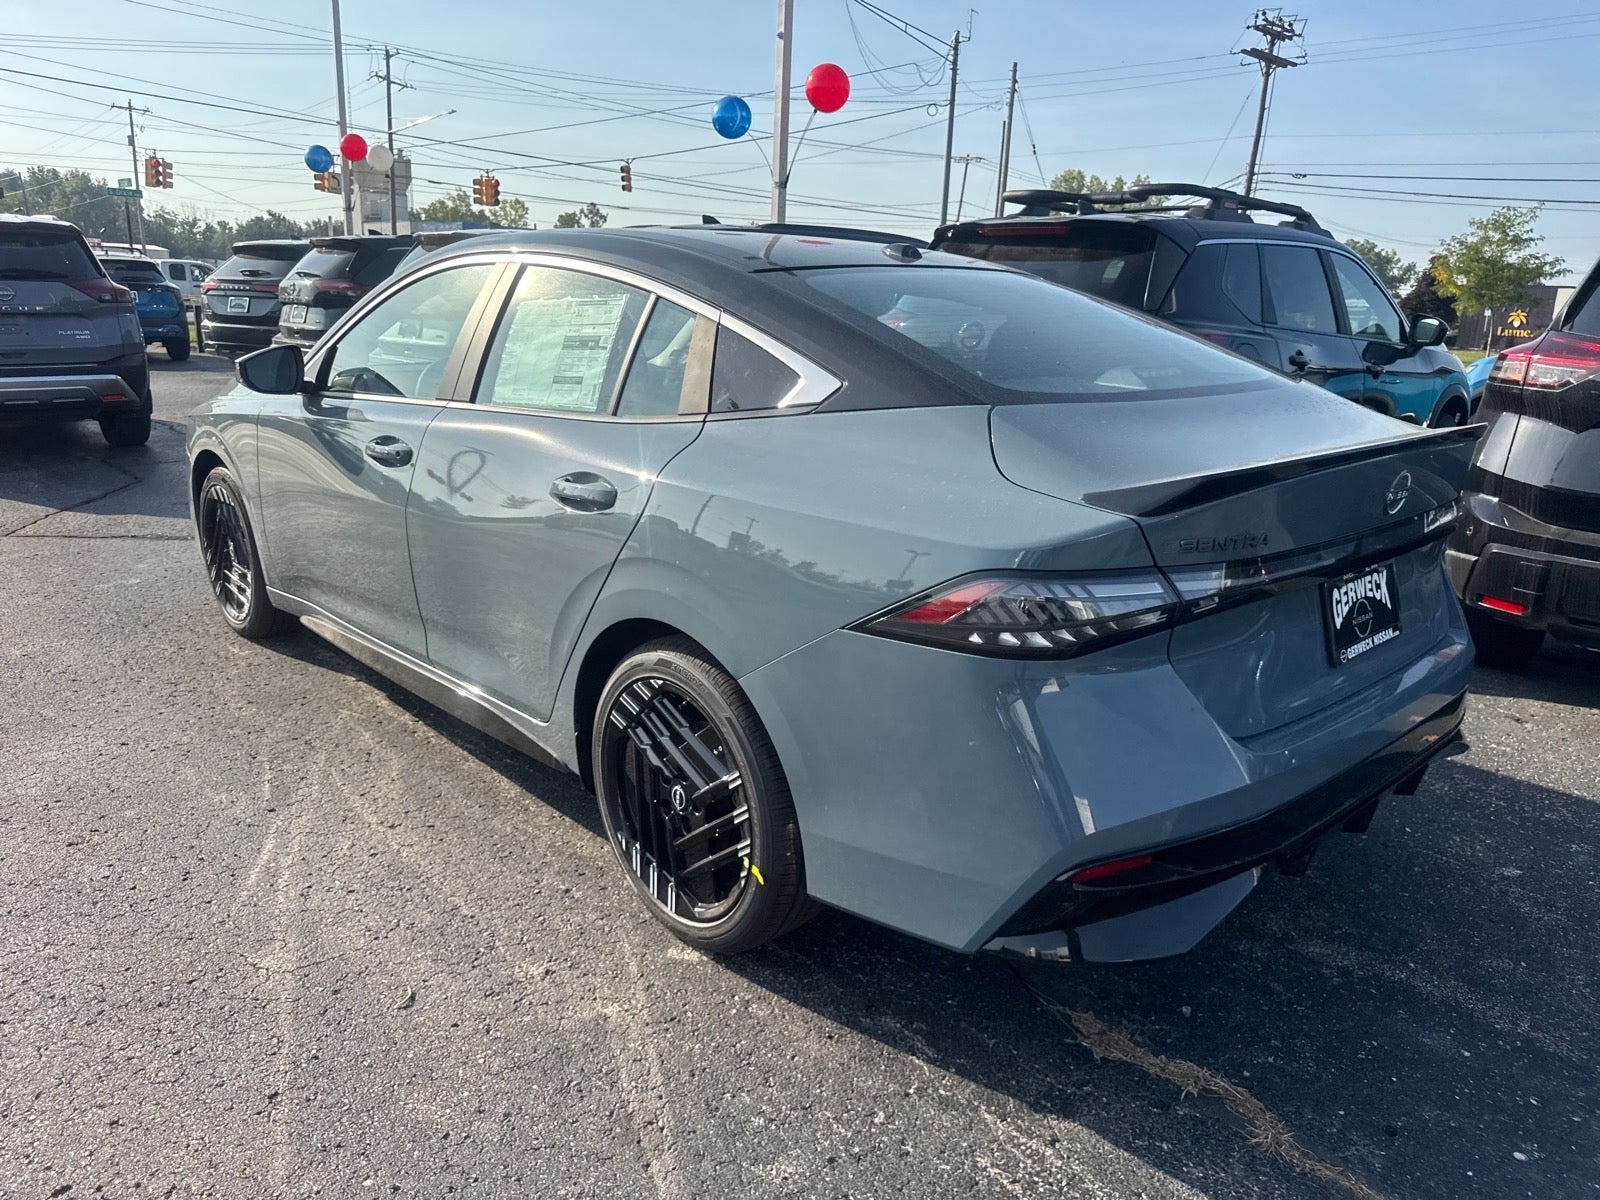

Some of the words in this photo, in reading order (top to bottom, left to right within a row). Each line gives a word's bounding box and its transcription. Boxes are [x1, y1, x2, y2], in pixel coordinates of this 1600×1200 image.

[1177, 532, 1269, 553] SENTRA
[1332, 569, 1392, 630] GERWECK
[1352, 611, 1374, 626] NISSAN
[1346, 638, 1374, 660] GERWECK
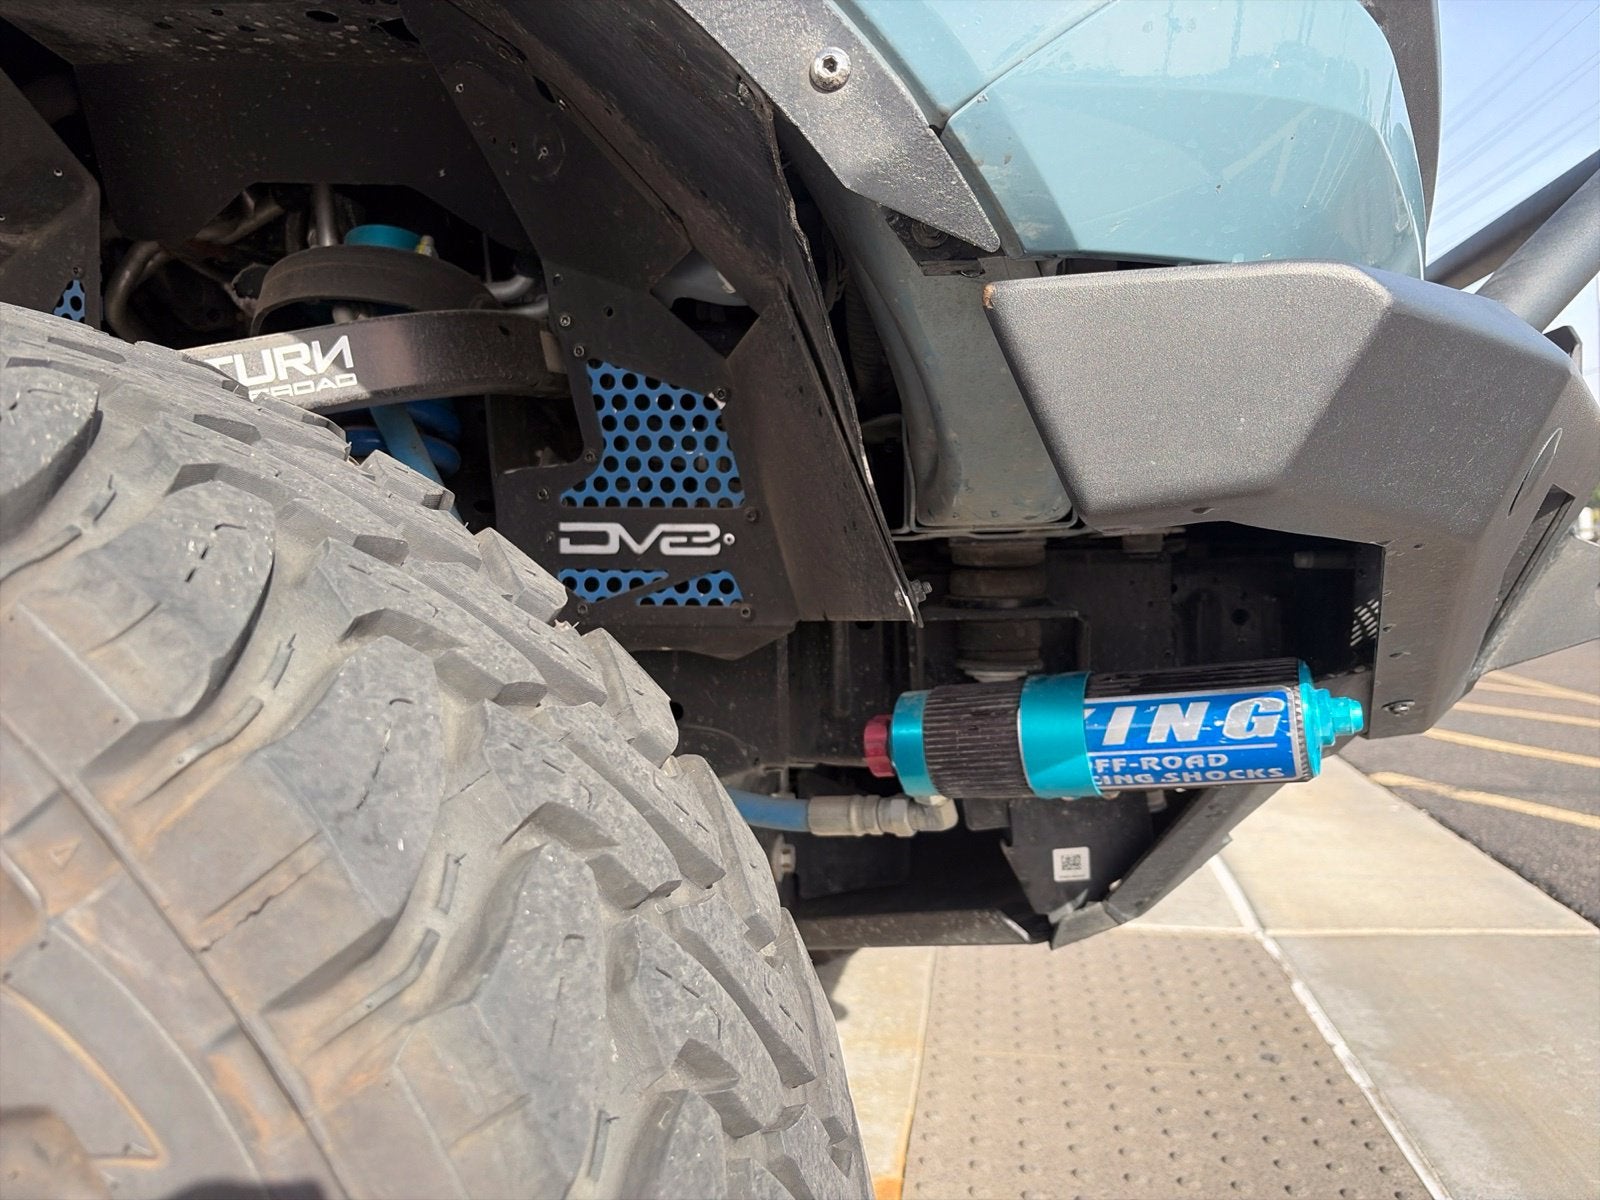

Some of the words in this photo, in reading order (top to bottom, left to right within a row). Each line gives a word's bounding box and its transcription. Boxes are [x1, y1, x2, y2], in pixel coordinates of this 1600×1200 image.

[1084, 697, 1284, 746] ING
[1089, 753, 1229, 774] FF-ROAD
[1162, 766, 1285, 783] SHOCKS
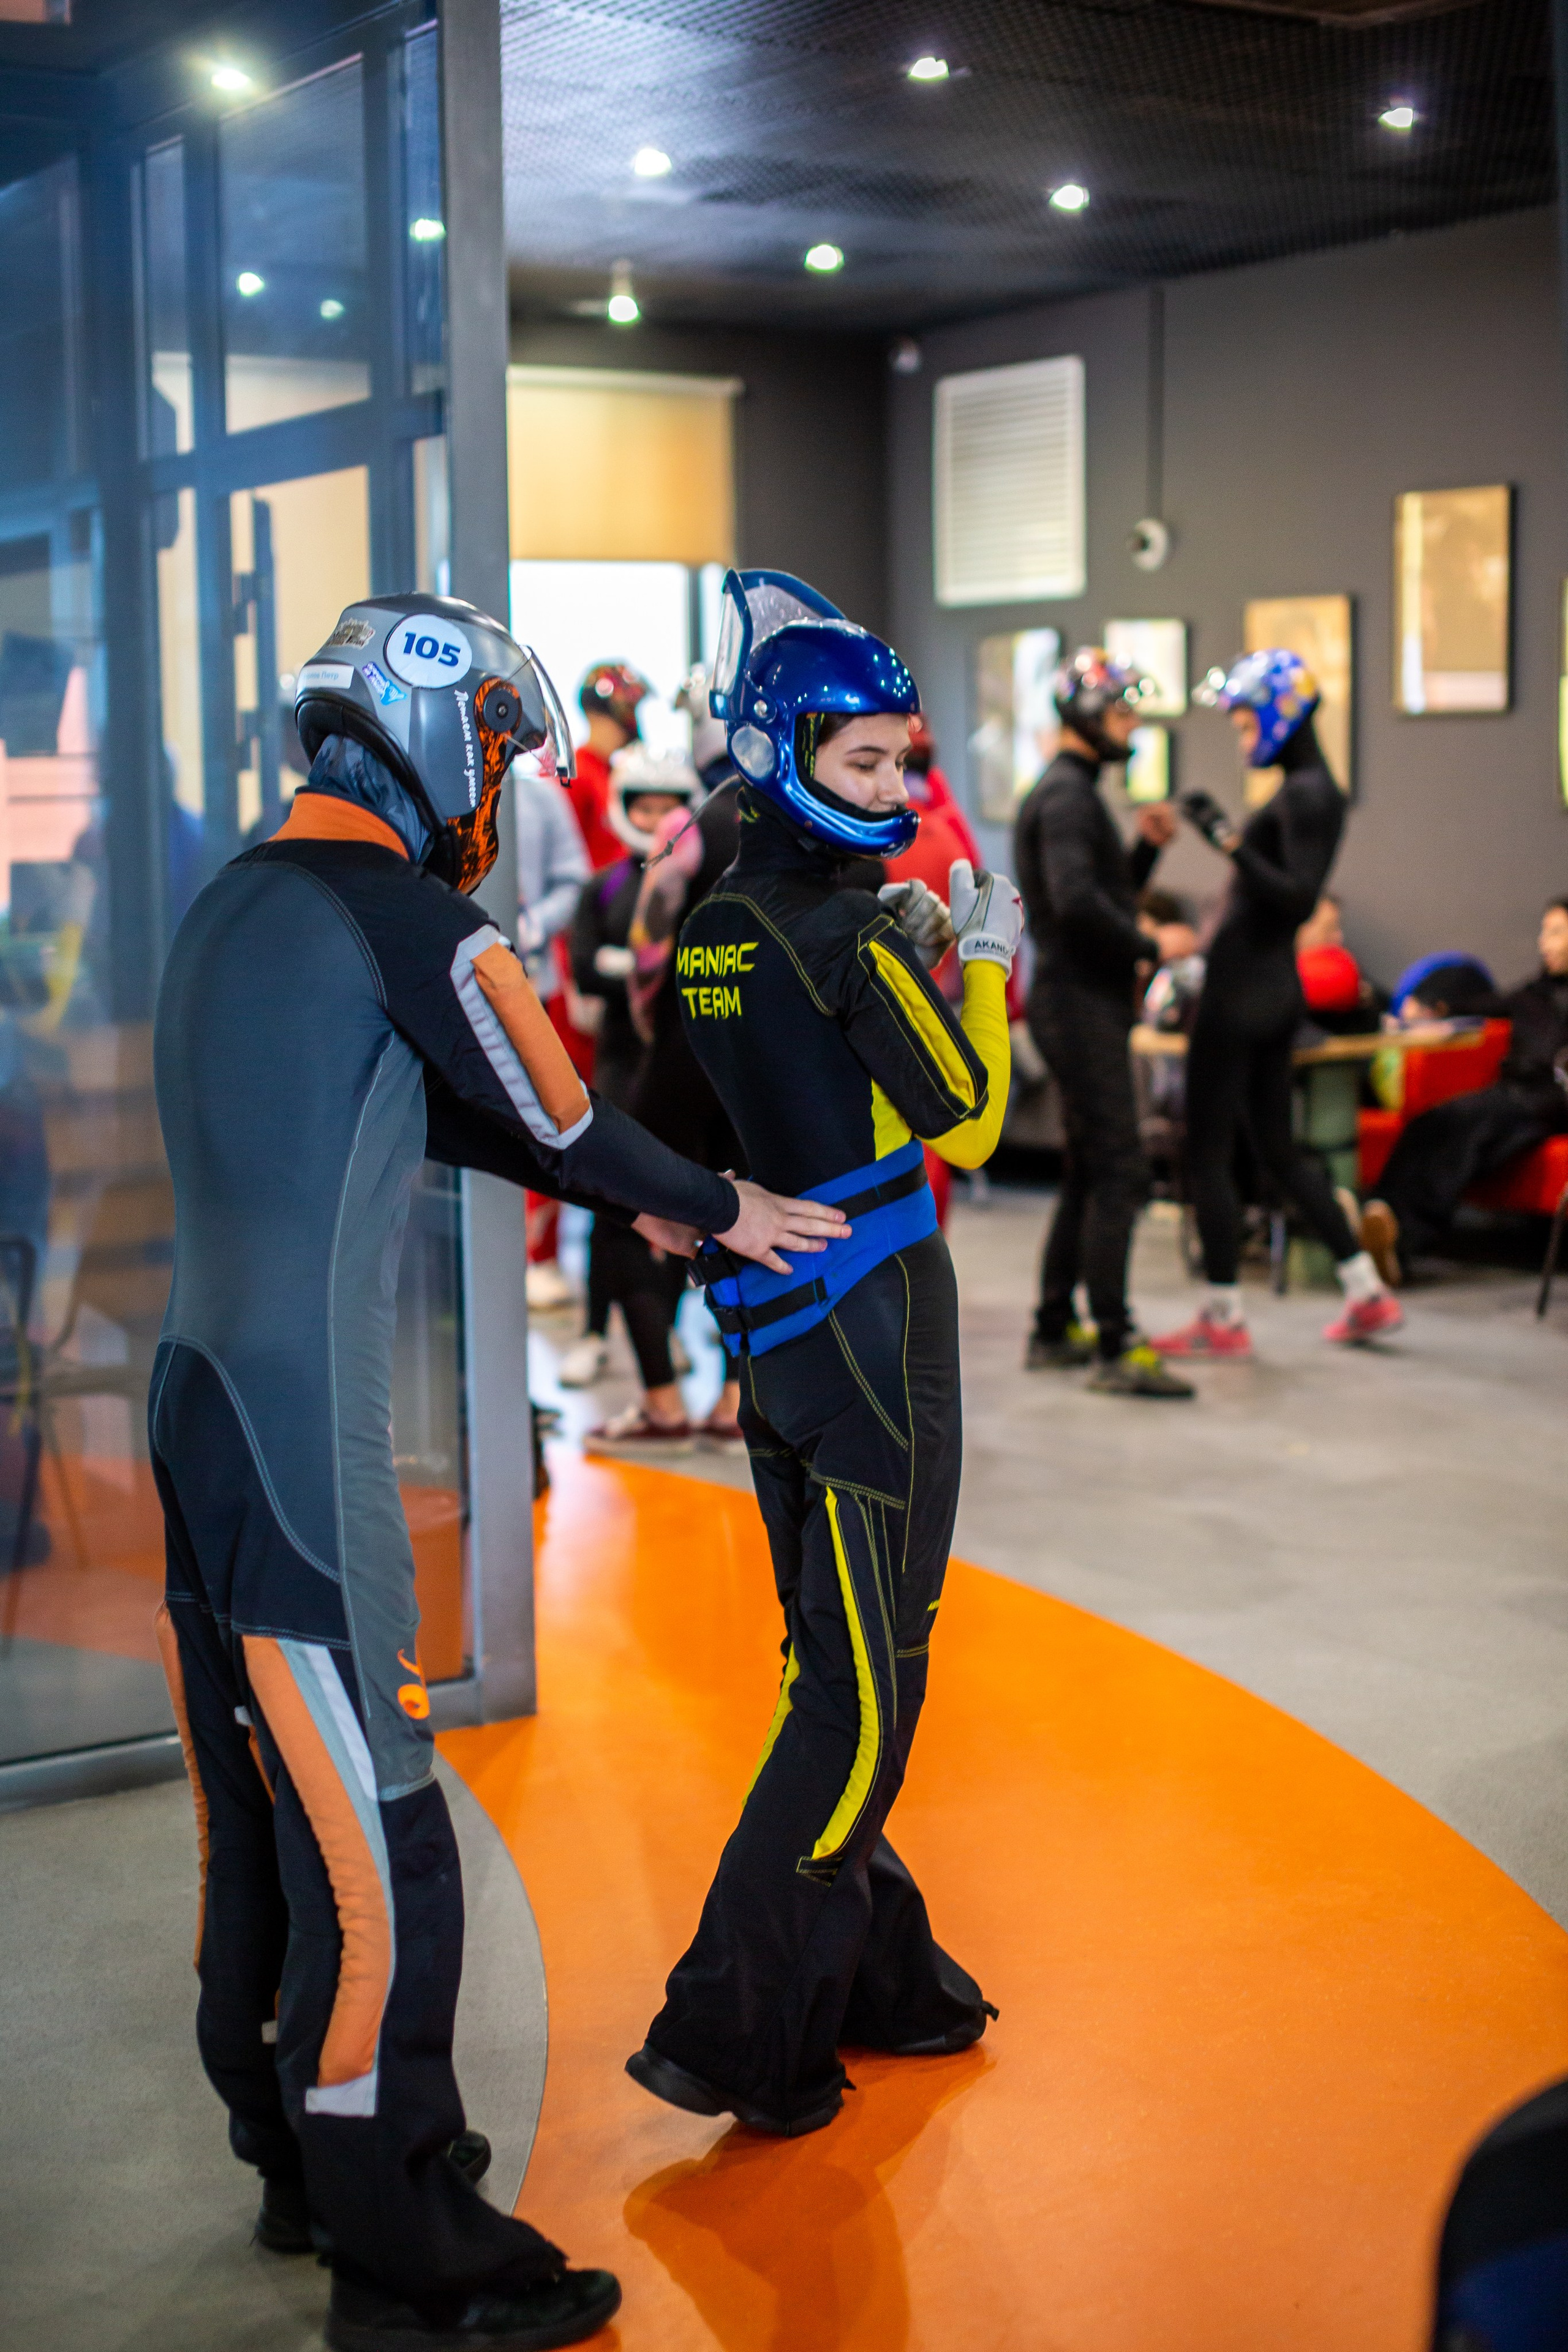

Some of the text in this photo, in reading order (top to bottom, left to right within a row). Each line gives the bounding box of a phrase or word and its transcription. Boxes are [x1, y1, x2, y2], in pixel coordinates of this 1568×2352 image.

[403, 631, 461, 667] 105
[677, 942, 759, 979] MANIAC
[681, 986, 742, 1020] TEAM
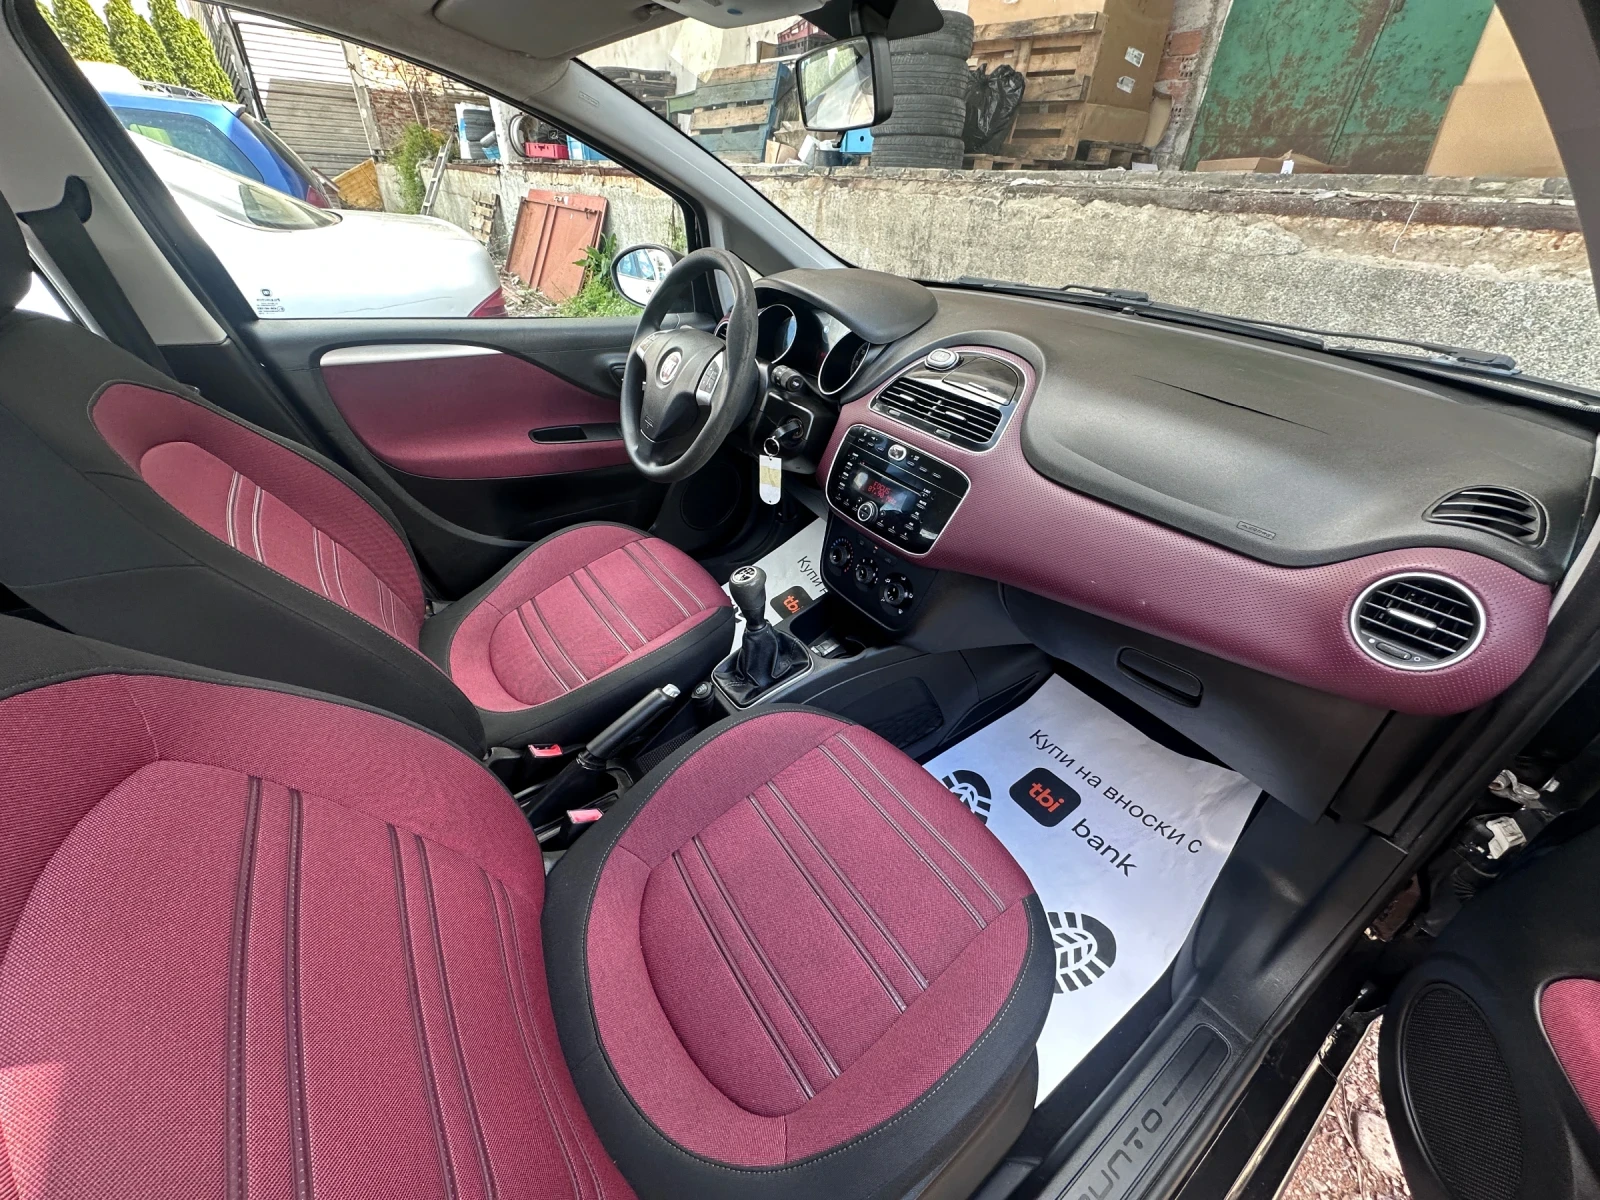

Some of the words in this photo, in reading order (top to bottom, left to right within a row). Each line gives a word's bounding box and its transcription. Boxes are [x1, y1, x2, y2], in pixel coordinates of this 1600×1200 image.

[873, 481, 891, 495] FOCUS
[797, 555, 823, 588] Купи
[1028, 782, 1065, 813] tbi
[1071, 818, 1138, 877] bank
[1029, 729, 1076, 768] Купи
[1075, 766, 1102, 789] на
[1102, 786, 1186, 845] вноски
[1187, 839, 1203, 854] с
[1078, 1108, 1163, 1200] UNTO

====

WHAT TO WORK ON ▸
Reprint every record exactly and skip the pictures.

SOLUTION TO THIS EXERCISE ▸
Some of the words in this photo, in reading order (top to bottom, left to right within a row). Each line gives a word's bounding box and its transcription. Boxes are [x1, y1, x2, y2], in pixel coordinates of this 1600×1200 image.

[1177, 532, 1269, 553] SENTRA
[1332, 569, 1392, 630] GERWECK
[1352, 611, 1374, 626] NISSAN
[1346, 638, 1374, 660] GERWECK

Some of the words in this photo, in reading order (top to bottom, left to right within a row). Each line gives a word's bounding box and its transcription. Boxes are [x1, y1, x2, y2], in pixel coordinates of this 1600×1200 image.

[1084, 697, 1284, 746] ING
[1089, 753, 1229, 774] FF-ROAD
[1162, 766, 1285, 783] SHOCKS

Some of the text in this photo, in reading order (top to bottom, left to right within a row). Each line gives the bounding box of a phrase or word and its transcription. Boxes are [x1, y1, x2, y2], in pixel coordinates of this 1568×2352 image.

[403, 631, 461, 667] 105
[677, 942, 759, 979] MANIAC
[681, 986, 742, 1020] TEAM

Some of the words in this photo, in reading order (top to bottom, left to right within a row). Each line gives a word's bounding box and its transcription. Boxes are [x1, y1, x2, y2], in pixel coordinates of this 1600×1200 image.

[873, 481, 891, 495] FOCUS
[797, 555, 823, 588] Купи
[1028, 782, 1065, 813] tbi
[1071, 818, 1138, 877] bank
[1029, 729, 1076, 768] Купи
[1075, 766, 1102, 789] на
[1102, 786, 1186, 845] вноски
[1187, 839, 1203, 854] с
[1078, 1108, 1163, 1200] UNTO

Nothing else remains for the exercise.